Drink Kong Campo Marzio: il nuovo cocktail bar di Patrick Pistolesi nel centro di Roma
Drink Kong inaugura a Campo Marzio: design retro-futurista, influenze giapponesi e una drink list centrata su signature e grandi classici reinterpretati
BAR & WINE - A Roma nel cuore di Campo Marzio, in via dei Prefetti 22, ha aperto venerdì 17 aprile un nuovo spazio firmato Drink Kong, a pochi passi dalla nuova struttura ricettiva Casa JK. Il progetto, guidato da Patrick Pistolesi, uno dei più conosciuti maestri d’ospitalità del bartending internazionale, insieme ai suoi soci, non replica il locale originale ma introduce un ambiente distinto, pensato per un pubblico attento alla qualità della miscelazione.
Con circa 50 coperti distribuiti in tre aree, il locale si presenta con una sala principale dominata da un bancone lungo otto metri, sovrastato da una bottigliera a tutta altezza e posto davanti al logo dorato del brand su fondo nero. L’intervento architettonico porta la firma di Roberto Antobenedetto, già noto per locali come Baccano e La Zanzara, che qui rielabora alcuni tratti distintivi di Drink Kong, attenuando l’impronta più “street” del locale di Monti e sviluppando un’estetica retro-futurista con richiami cinematografici e suggestioni giapponesi. Ne risulta un ambiente che punta su un’idea di lusso contemporaneo, misurato e privo di eccessi.
Materiali come marmo, legno e ottone dialogano con luci blu e linee essenziali. L’immaginario visivo richiama atmosfere ispirate a Blade Runner, evidenti in una parete angolare che riproduce in tre dimensioni la stanza di Deckard del film del 1982. Il risultato è uno spazio che gioca con il contrasto tra elementi classici e suggestioni futuristiche.
La lounge introduce un ulteriore livello di narrazione, con una porta di caveau in bassorilievo ispirata alla Hollyhock House di Los Angeles, progettata da Frank Lloyd Wright per Aline Barnsdall. In una zona più riservata, invece, emergono influenze della tradizione giapponese, come le porte scorrevoli in legno di ciliegio, in un ambiente che richiama idealmente il lato più “dark” del Nite Kong.

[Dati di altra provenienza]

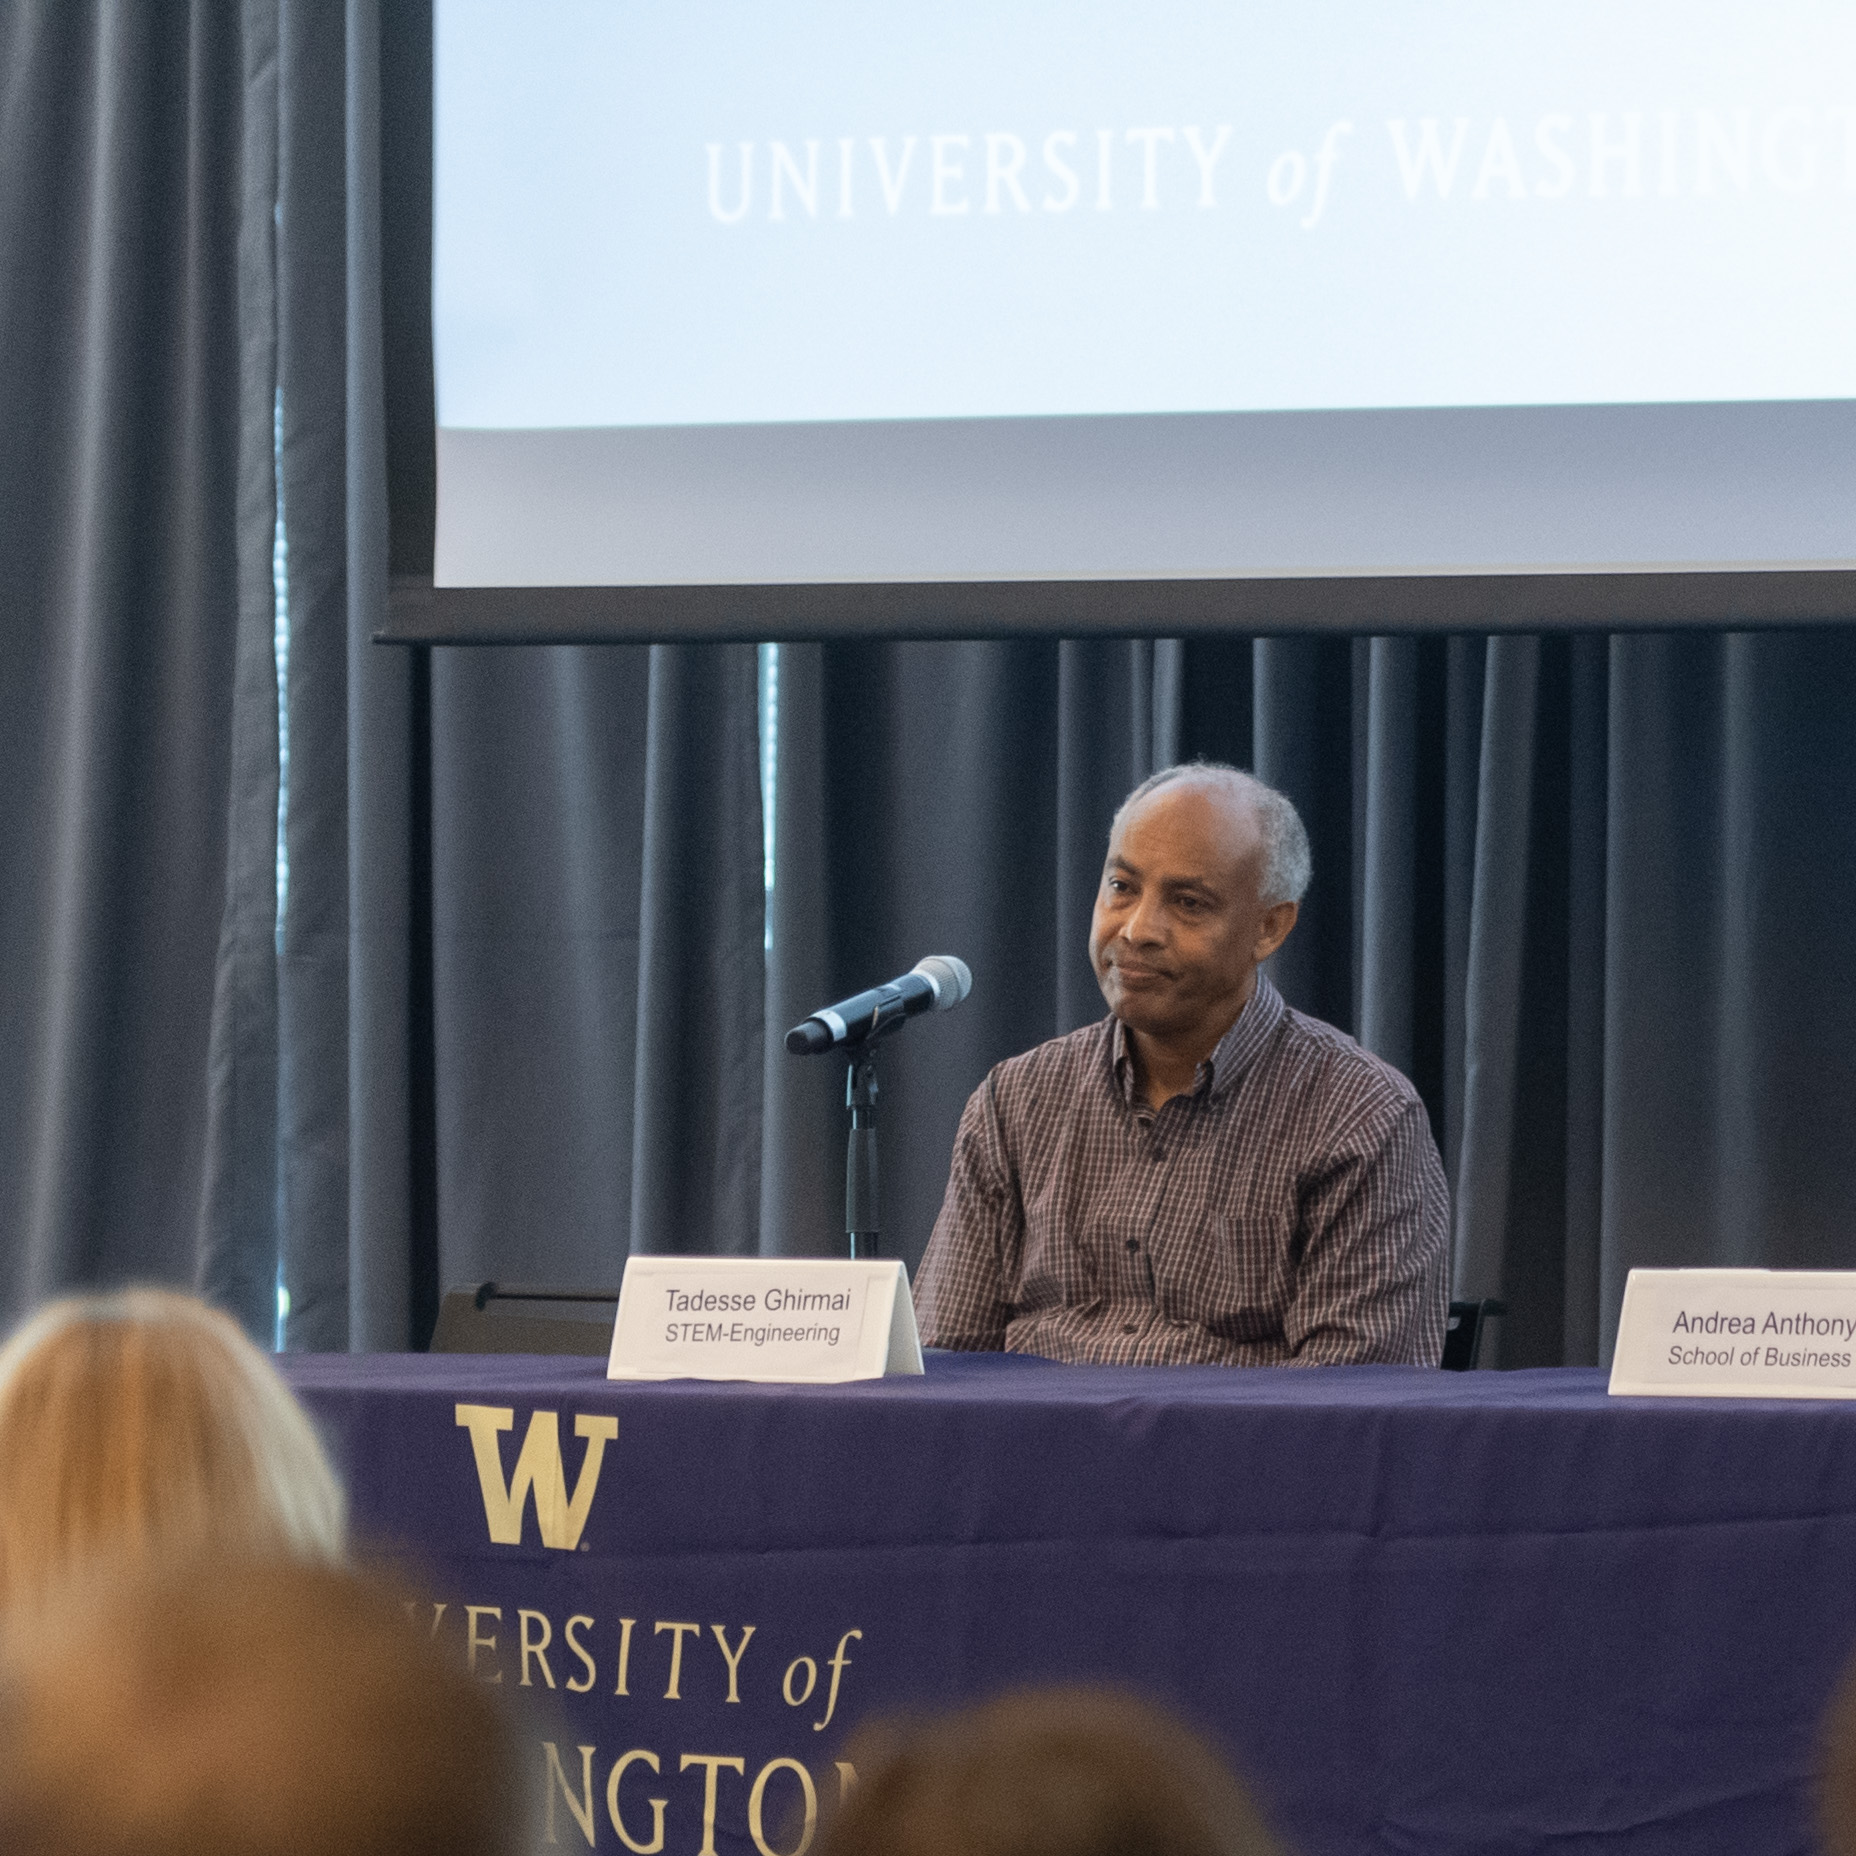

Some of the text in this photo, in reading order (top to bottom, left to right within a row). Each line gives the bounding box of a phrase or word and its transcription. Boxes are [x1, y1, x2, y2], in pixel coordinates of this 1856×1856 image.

[703, 124, 1235, 224] UNIVERSITY
[1265, 119, 1353, 229] of
[665, 1288, 852, 1312] Tadesse Ghirmai
[665, 1322, 840, 1347] STEM-Engineering
[1672, 1310, 1756, 1335] Andrea
[1667, 1345, 1852, 1368] School of Business
[454, 1403, 619, 1551] W
[782, 1629, 863, 1732] of
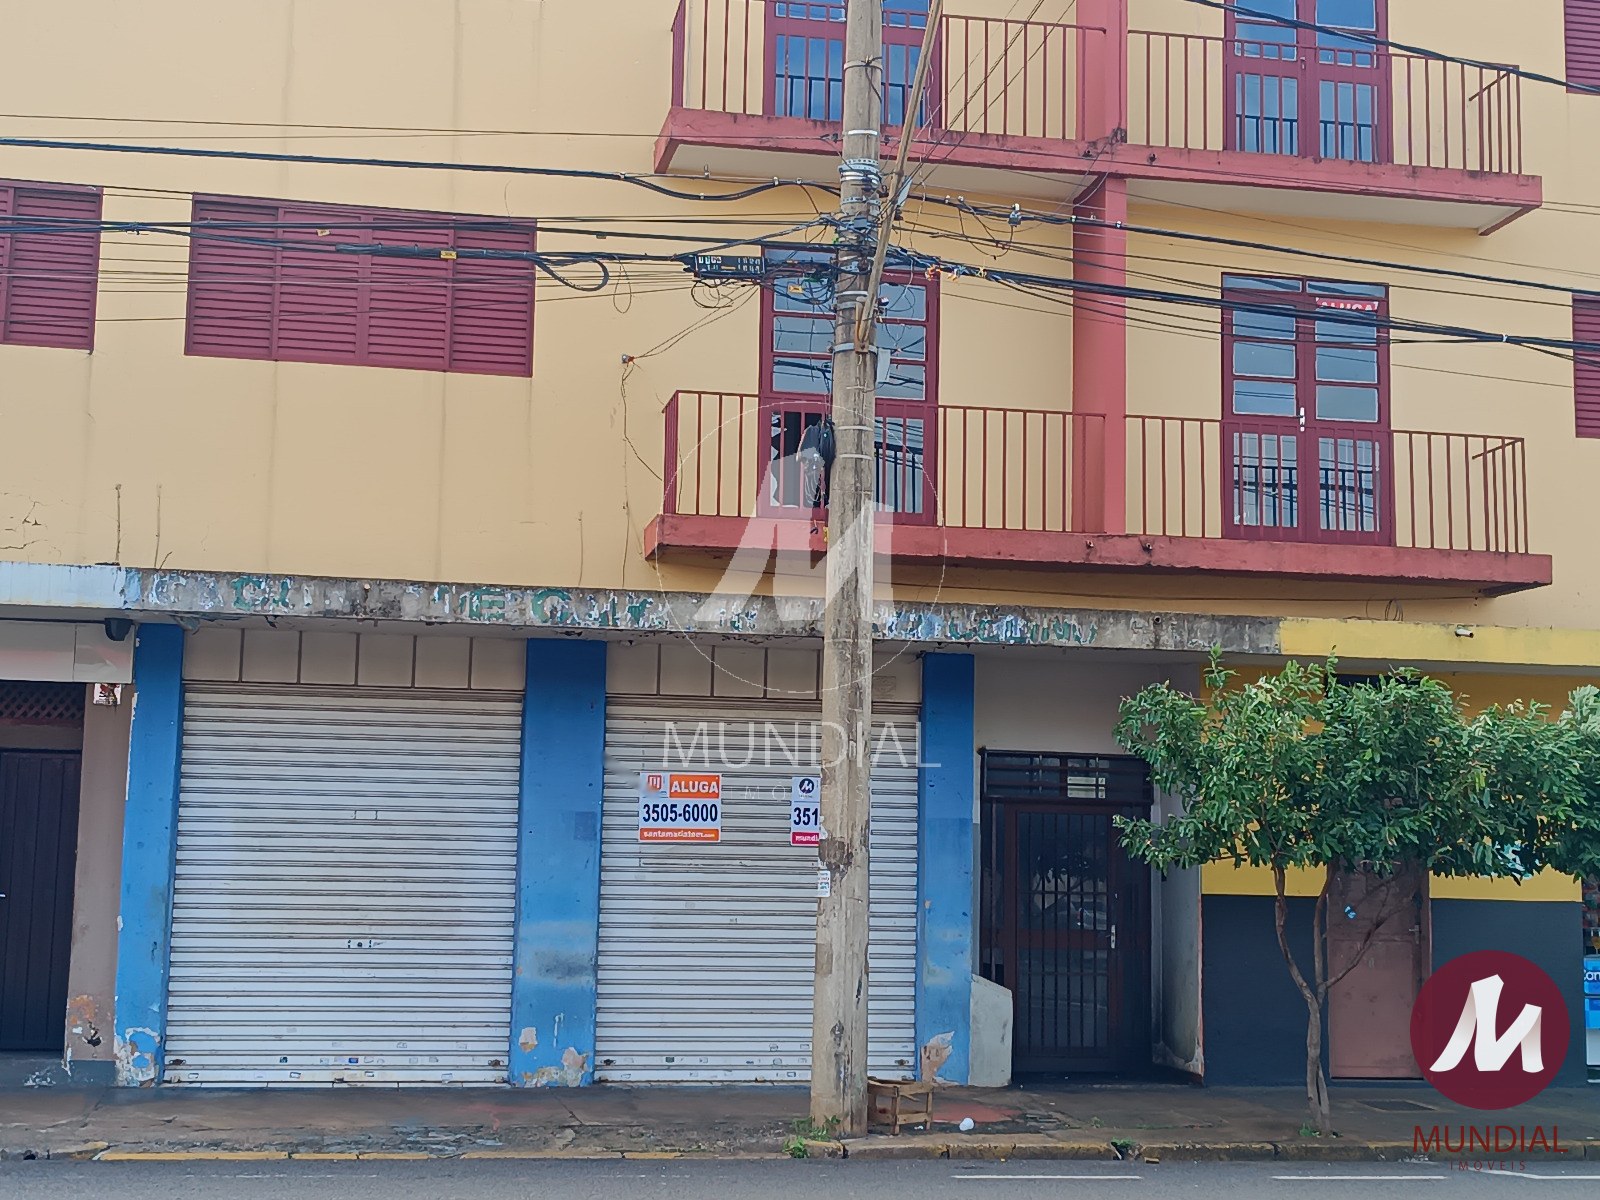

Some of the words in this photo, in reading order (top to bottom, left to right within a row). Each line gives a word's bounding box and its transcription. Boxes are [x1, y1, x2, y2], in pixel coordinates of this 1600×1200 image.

[670, 780, 719, 794] ALUGA
[642, 803, 719, 823] 3505-6000
[793, 807, 819, 826] 351

Il riferimento al Giappone attraversa tutto il progetto, anche grazie alla direzione artistica di Studio Lord Z. All’ingresso è esposto un manifesto originale giapponese del film Lost in Translation, elemento che sintetizza l’identità del locale: uno sguardo internazionale sulla città, capace di mettere in relazione il centro storico con un immaginario cosmopolita e contemporaneo. Molte le collezioni presenti: oltre alle bottiglie trovano spazio riviste, vinili e oggetti provenienti dal Giappone, tra cui dischi di jazz fusion, library music e lavori di un giovane Sakamoto, oltre a colonne sonore di film come Incontri ravvicinati del terzo tipo, Star Wars e opere di Akira Kurosawa. Presenti anche riviste di graphic design come Idea, Brutus e Casa Brutus, insieme a installazioni floreali in stile ikebana curate da Dylan Tripp.
L’ambiente complessivo si sviluppa su una tensione tra opposti: raffinato ma informale, elegante ma sensuale, con attenzione anche agli aspetti tecnici, dalla cocktail station al trattamento acustico degli spazi, per un’esperienza immersiva.
«Avevo da tempo la volontà di far tornare protagonista il centro storico di Roma. La mia è una proiezione, in cui la mixology incontra il design, la musica incontra il silenzio, la tradizione incontra il desiderio. Il nuovo Drink Kong sarà un tempio per chi crede che il bar non sia solo un luogo dove si beve, ma un universo dove si vive, tra luci soffuse, velluto, jazz e vibrazioni digitali», afferma Patrick Pistolesi, alla guida di un progetto che da sette anni compare stabilmente nella classifica World’s 50 Best Bars, quest’anno al 40° posto.
Sul piano della proposta, il nuovo locale punta su una drink list essenziale e leggibile, che alterna cocktail classici reinterpretati e signature già noti. Tra questi il Gaijin, nome giapponese che significa “straniero”, insieme a una selezione che comprende aperitivi, Champagne cocktail, opzioni analcoliche e una sezione dedicata al Martini cocktail, declinato in cinque versioni: Classico, Gibson, Dirty, Vesper e Caviar.
«È il nostro personale omaggio alla Roma che seduce - continua Pistolesi -, che respira bellezza e contraddizione, che non ha paura di essere teatrale. Perché il vero lusso, oggi, è l’autenticità di un gesto, il suono del ghiaccio, la voce di chi ti guarda e dice: bentornato a casa. È un brindisi, con un cocktail classico nel bicchiere, al suo ritorno nel futuro».